Pinching pennies is great, but there are some occasions when only first class will do: lie-flat seats, gourmet meals, maybe even a shower (hello,Etihad). It’s special. It’s also expensive.
Etihad’s a great example; a recent New York toDubai round-trip on its super-duper first class (The Residence, with shower) was an eye-popping $64,000. On the more reasonable side was American Airlines’ New York to Los Angeles in first class for $2,300. Don’t spend more than you have to even for luxury. Here’s how.
1. Book flights for Wednesday travel
You can get a 10%-20% discount on first class for these days and airlines:
- American: Tuesday, Wednesday, Saturday
- Delta: Wednesday, Saturday
Note: United’s first-class fare difference was non-specific as to travel days.

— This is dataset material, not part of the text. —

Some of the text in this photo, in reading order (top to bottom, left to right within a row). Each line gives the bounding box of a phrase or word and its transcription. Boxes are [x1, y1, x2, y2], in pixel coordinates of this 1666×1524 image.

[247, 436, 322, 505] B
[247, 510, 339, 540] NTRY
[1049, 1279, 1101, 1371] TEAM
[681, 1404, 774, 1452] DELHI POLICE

2. Book at least seven days in advance
If you book within seven days of flying, expect to pay an extra 40% for the fare. This is where last-minute business fliers get dinged, and oh how the airlines love them. Book at least a week ahead.

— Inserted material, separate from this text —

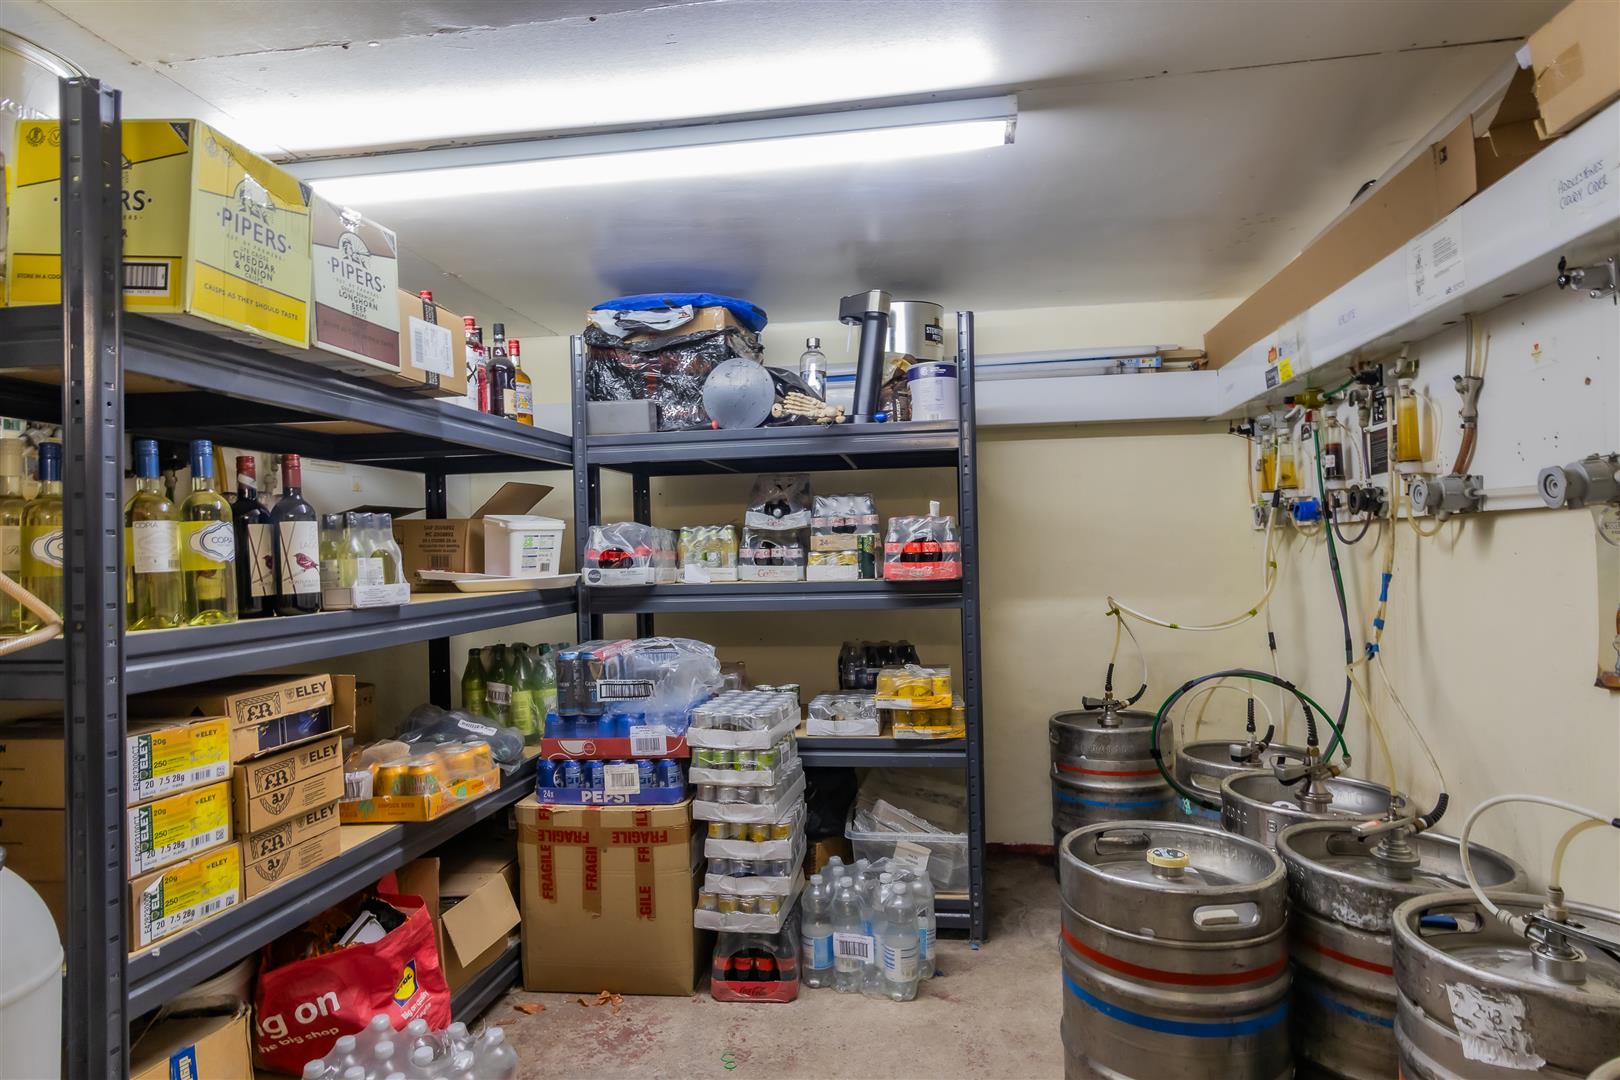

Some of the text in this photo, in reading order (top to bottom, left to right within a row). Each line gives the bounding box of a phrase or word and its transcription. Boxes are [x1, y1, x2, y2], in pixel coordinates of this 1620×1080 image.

3. Search in economy fares
If you go to an airline website and click “advanced search options” for first-class fares only, you could pay more than you have to. Instead, shop as usual to see all the ticket options from coach to first class, because a broader search may yield cheaper first-class prices. As always, compare fares from all your different search efforts to be sure.
4. Upgrade when possible
This may be the most common method, to jump into first class via miles or points, but as airlines change program rules it gets harder to do. Elite status is key, but miles are more difficult to amass as carriers favor big-spending business travelers. Still it’s worth a try, and don’t forget to check the airport kiosk for last-minute upgrade opportunities, you might get a nice surprise.
5. Let an expert do the work
Professionals in corporate travel departments or travel agencies can sometimes pull off minor miracles thanks to pre-negotiated rates with airlines that can save from 10% to 20% on the open market. They may also have access to so-called discounted first-class fares which used to be called Y-UPs thanks to the way they were coded; unfortunately, airline mergers over the past ten years have decimated these offerings to the point that even a pro may have trouble finding them, but it’s still worth a look.
Bottom line: Always compare fares whether flying coach, business or first class. Even if you don’t mind paying first-class prices, you should mind paying more than you have to.